= Task directions =
Look for the line with "this 2048×1536 image."; please transcribe it and every later line in the entries exactly, up to the end, leaving pictures out.

(The records begins)

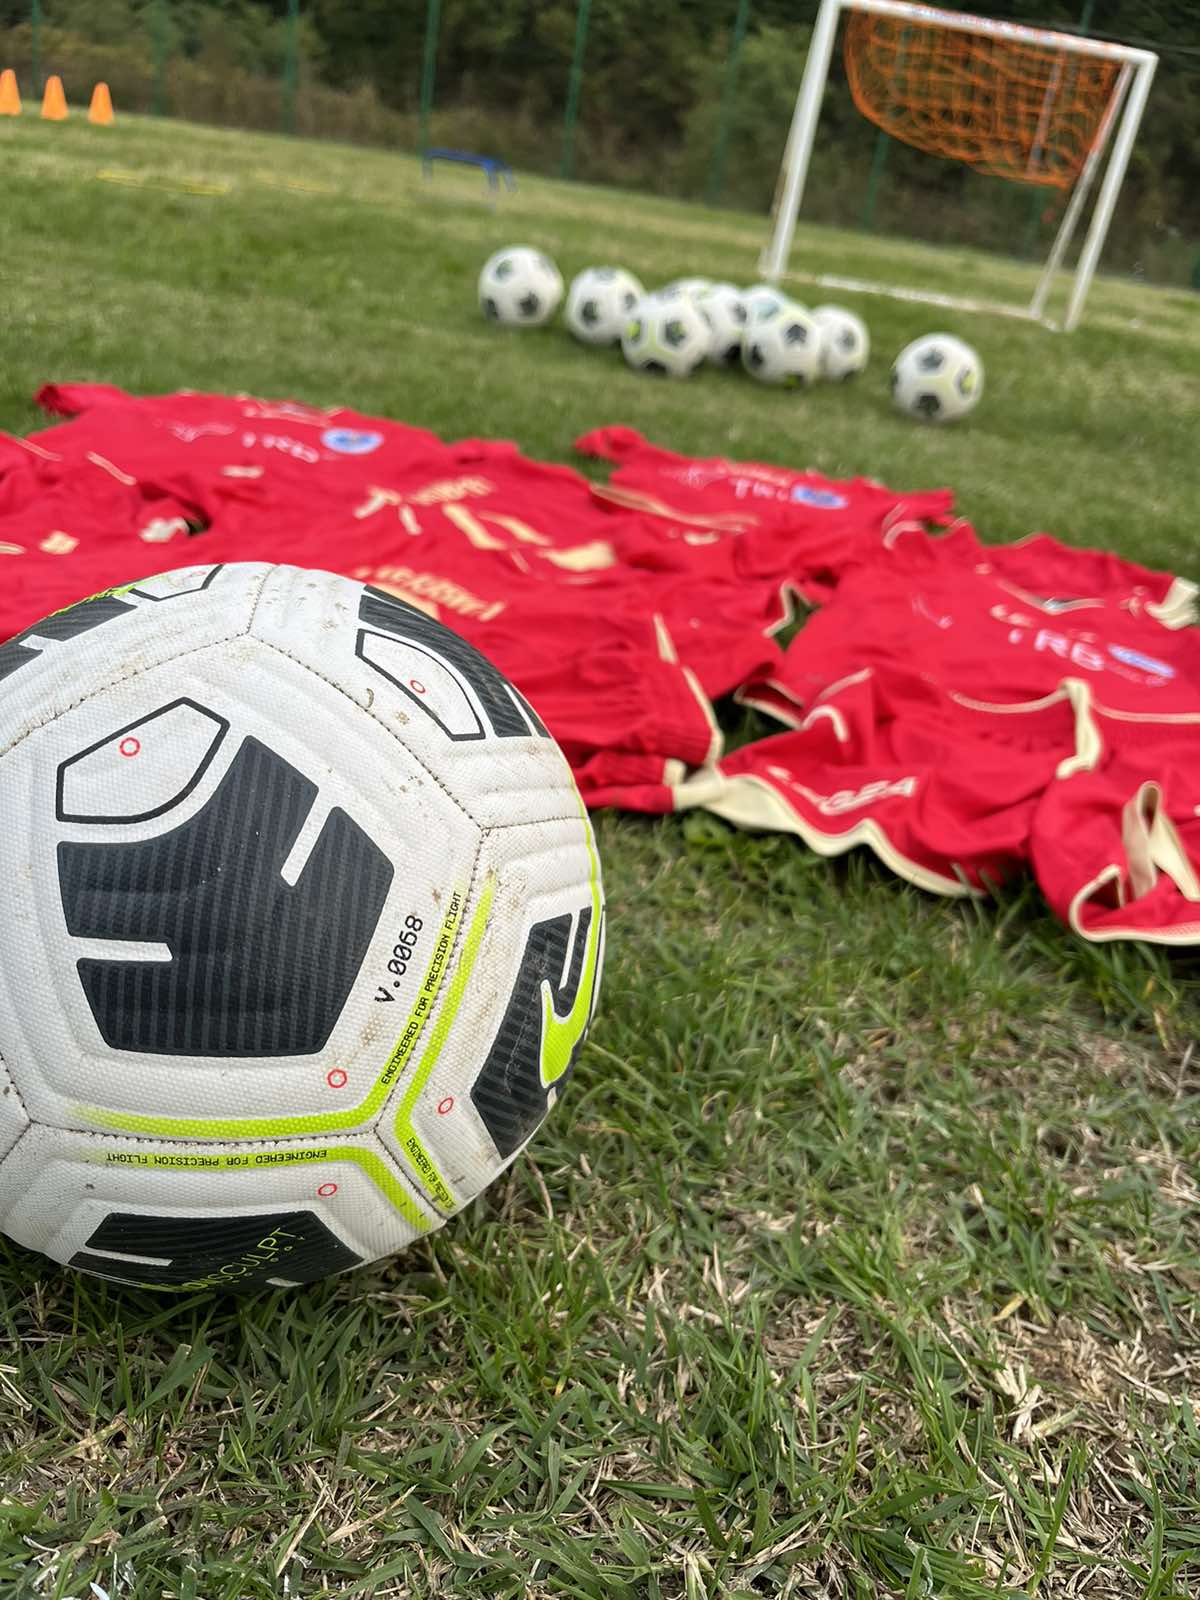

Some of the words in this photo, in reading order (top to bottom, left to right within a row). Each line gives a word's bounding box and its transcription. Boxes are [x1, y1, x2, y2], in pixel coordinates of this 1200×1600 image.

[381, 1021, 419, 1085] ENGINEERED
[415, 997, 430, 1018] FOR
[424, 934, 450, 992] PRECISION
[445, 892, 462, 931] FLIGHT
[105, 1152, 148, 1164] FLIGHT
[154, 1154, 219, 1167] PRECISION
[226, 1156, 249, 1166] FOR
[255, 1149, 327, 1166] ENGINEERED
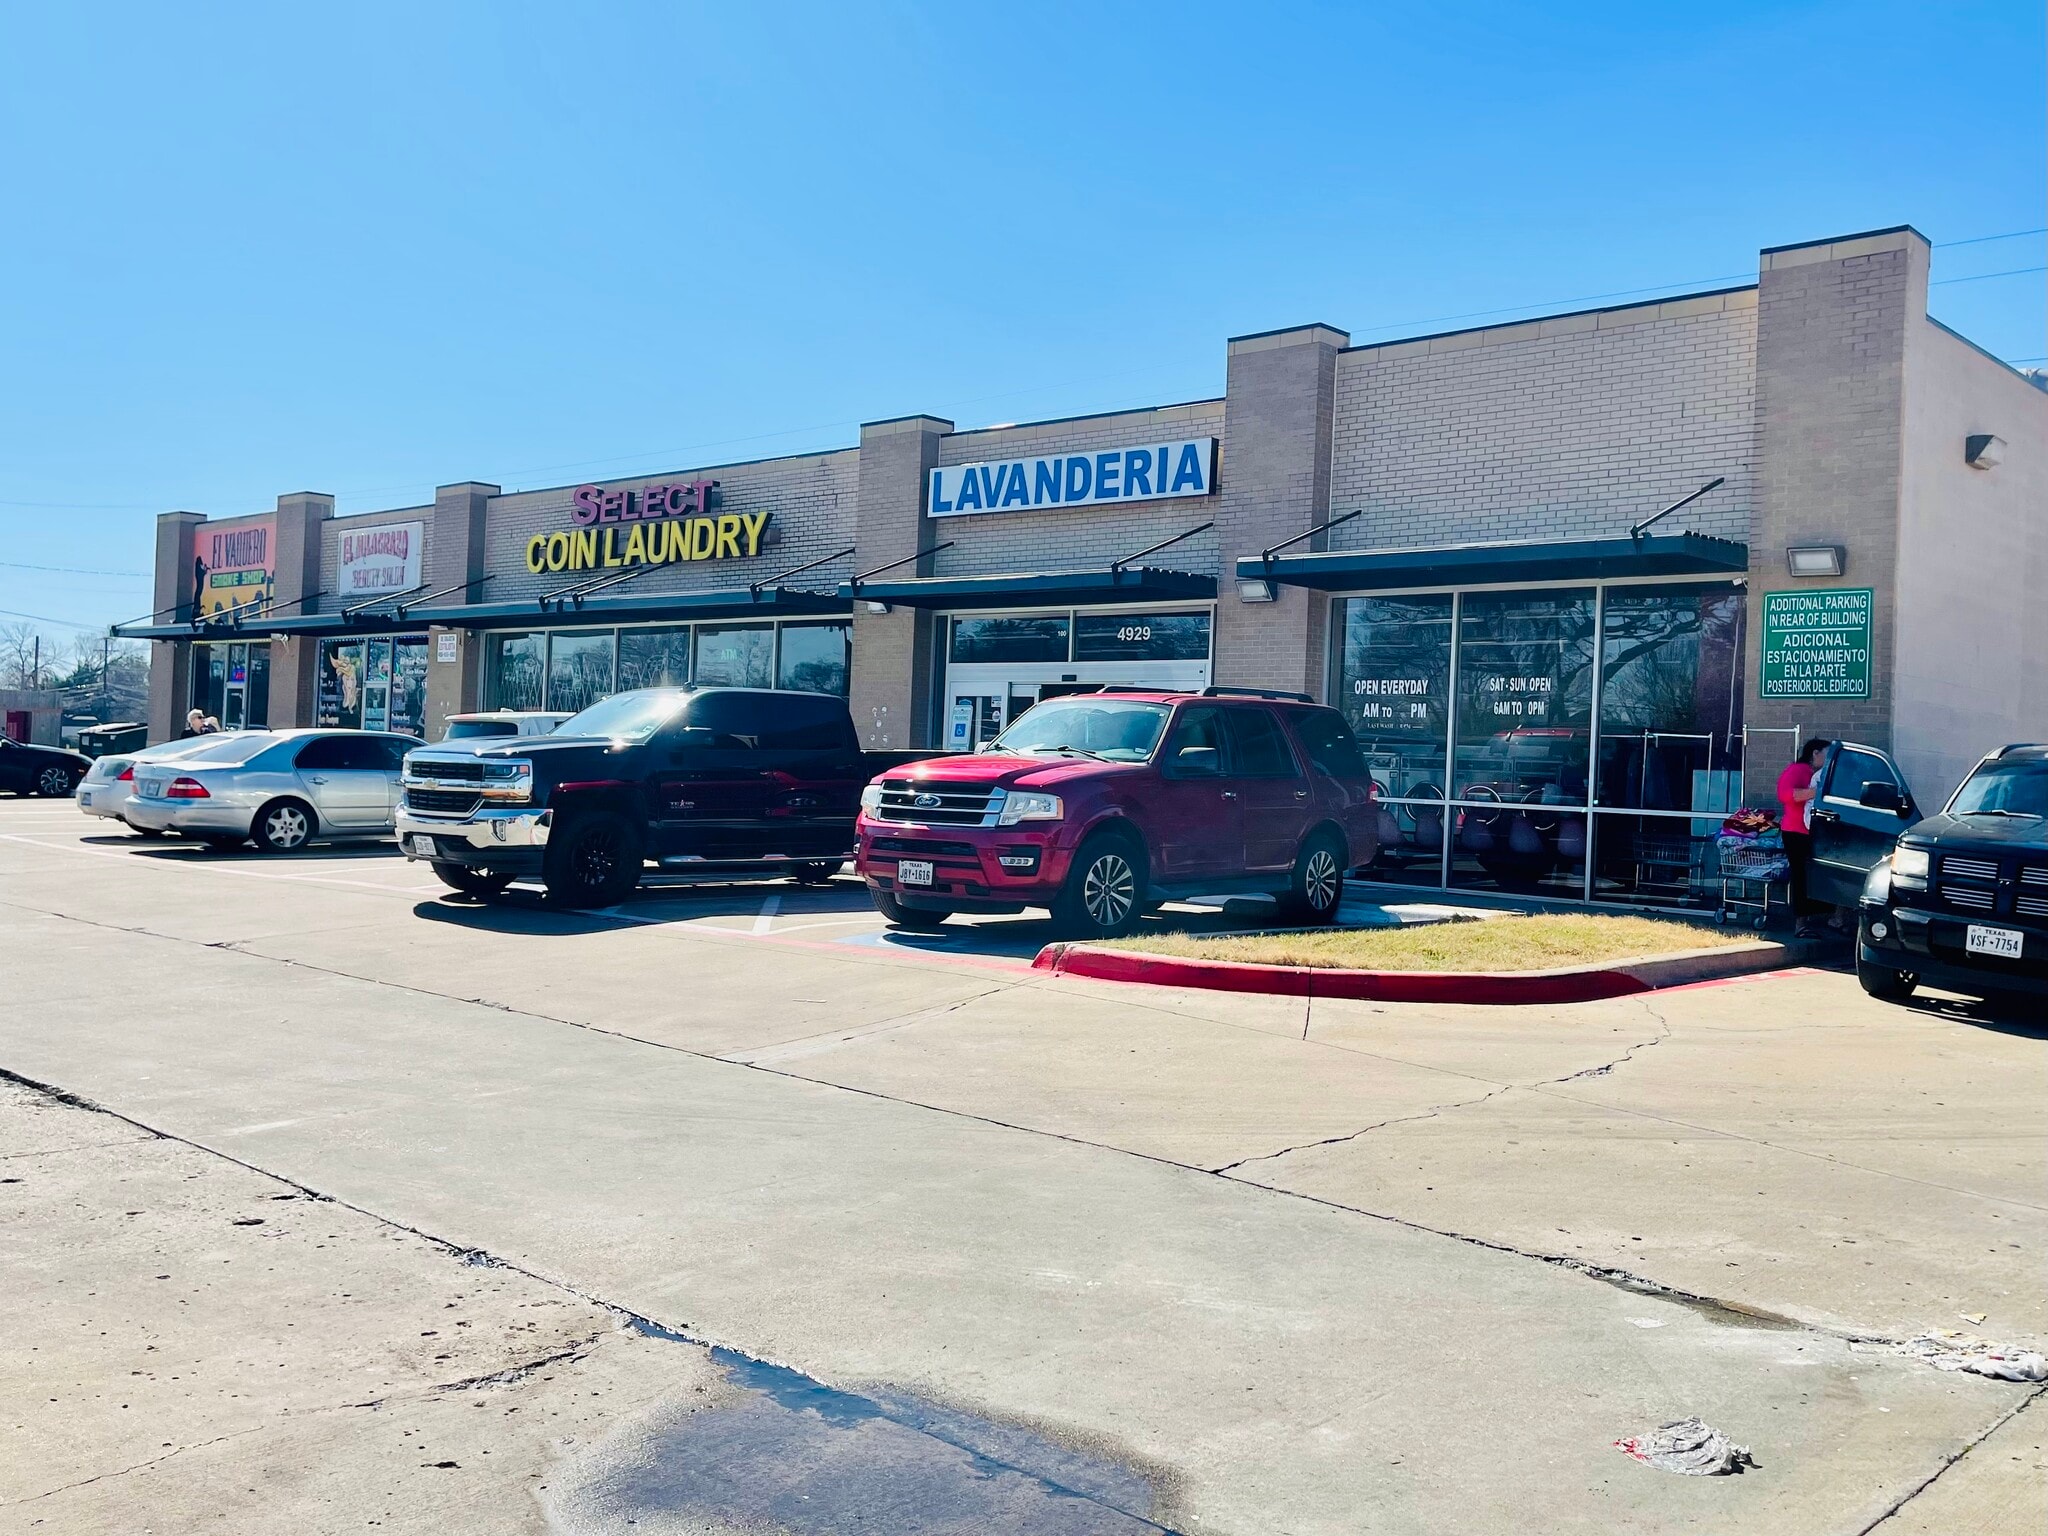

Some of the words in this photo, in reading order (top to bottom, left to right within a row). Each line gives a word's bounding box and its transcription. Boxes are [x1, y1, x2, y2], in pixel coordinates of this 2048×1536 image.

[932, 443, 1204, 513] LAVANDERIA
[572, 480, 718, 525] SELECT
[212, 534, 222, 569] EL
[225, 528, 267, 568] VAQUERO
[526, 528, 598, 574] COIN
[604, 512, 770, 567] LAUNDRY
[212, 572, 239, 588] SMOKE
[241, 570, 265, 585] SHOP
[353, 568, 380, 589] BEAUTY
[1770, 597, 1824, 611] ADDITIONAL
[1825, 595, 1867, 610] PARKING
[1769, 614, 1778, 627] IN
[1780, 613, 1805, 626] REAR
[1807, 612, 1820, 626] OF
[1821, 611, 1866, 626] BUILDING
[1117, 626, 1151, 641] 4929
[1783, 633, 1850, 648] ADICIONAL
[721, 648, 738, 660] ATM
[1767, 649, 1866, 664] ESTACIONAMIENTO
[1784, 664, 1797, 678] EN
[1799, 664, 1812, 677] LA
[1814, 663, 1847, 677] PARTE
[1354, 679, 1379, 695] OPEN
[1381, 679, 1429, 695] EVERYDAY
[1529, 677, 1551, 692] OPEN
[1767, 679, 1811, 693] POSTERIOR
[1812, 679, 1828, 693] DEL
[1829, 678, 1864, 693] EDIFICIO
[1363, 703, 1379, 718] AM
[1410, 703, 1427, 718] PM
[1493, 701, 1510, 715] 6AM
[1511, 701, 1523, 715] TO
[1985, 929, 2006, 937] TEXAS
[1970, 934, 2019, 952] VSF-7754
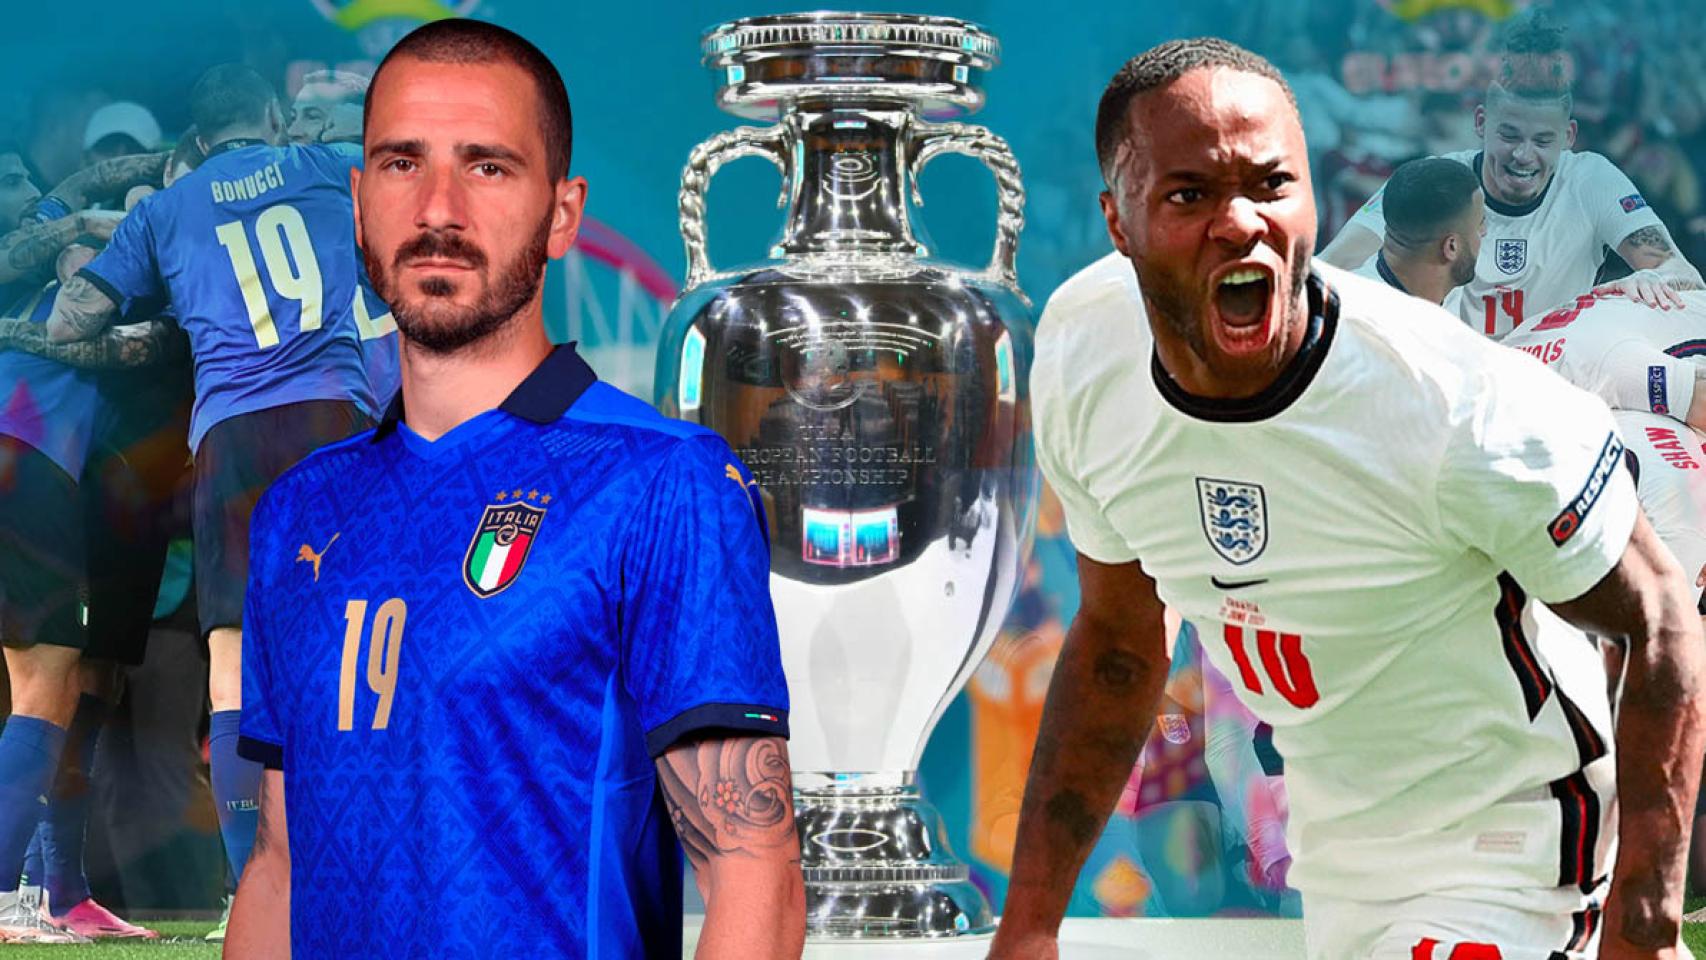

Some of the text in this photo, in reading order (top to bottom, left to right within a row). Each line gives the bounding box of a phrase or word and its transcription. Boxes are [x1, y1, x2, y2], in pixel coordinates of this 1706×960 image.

(The records ends)

= Answer below =
Some of the words in this photo, in reading order (top to bottom, left to right within a row). Each line gives a word's bounding box and its transcription. Boxes are [x1, y1, x2, y2], in pixel coordinates of this 2048×1536 image.

[932, 443, 1204, 513] LAVANDERIA
[572, 480, 718, 525] SELECT
[212, 534, 222, 569] EL
[225, 528, 267, 568] VAQUERO
[526, 528, 598, 574] COIN
[604, 512, 770, 567] LAUNDRY
[212, 572, 239, 588] SMOKE
[241, 570, 265, 585] SHOP
[353, 568, 380, 589] BEAUTY
[1770, 597, 1824, 611] ADDITIONAL
[1825, 595, 1867, 610] PARKING
[1769, 614, 1778, 627] IN
[1780, 613, 1805, 626] REAR
[1807, 612, 1820, 626] OF
[1821, 611, 1866, 626] BUILDING
[1117, 626, 1151, 641] 4929
[1783, 633, 1850, 648] ADICIONAL
[721, 648, 738, 660] ATM
[1767, 649, 1866, 664] ESTACIONAMIENTO
[1784, 664, 1797, 678] EN
[1799, 664, 1812, 677] LA
[1814, 663, 1847, 677] PARTE
[1354, 679, 1379, 695] OPEN
[1381, 679, 1429, 695] EVERYDAY
[1529, 677, 1551, 692] OPEN
[1767, 679, 1811, 693] POSTERIOR
[1812, 679, 1828, 693] DEL
[1829, 678, 1864, 693] EDIFICIO
[1363, 703, 1379, 718] AM
[1410, 703, 1427, 718] PM
[1493, 701, 1510, 715] 6AM
[1511, 701, 1523, 715] TO
[1985, 929, 2006, 937] TEXAS
[1970, 934, 2019, 952] VSF-7754

Some of the text in this photo, in reading order (top to bottom, left to right within a row). Each line gives the bounding box of a phrase or word and its transcription. Boxes are [x1, y1, x2, y2], in pixel coordinates of this 1706×960 image.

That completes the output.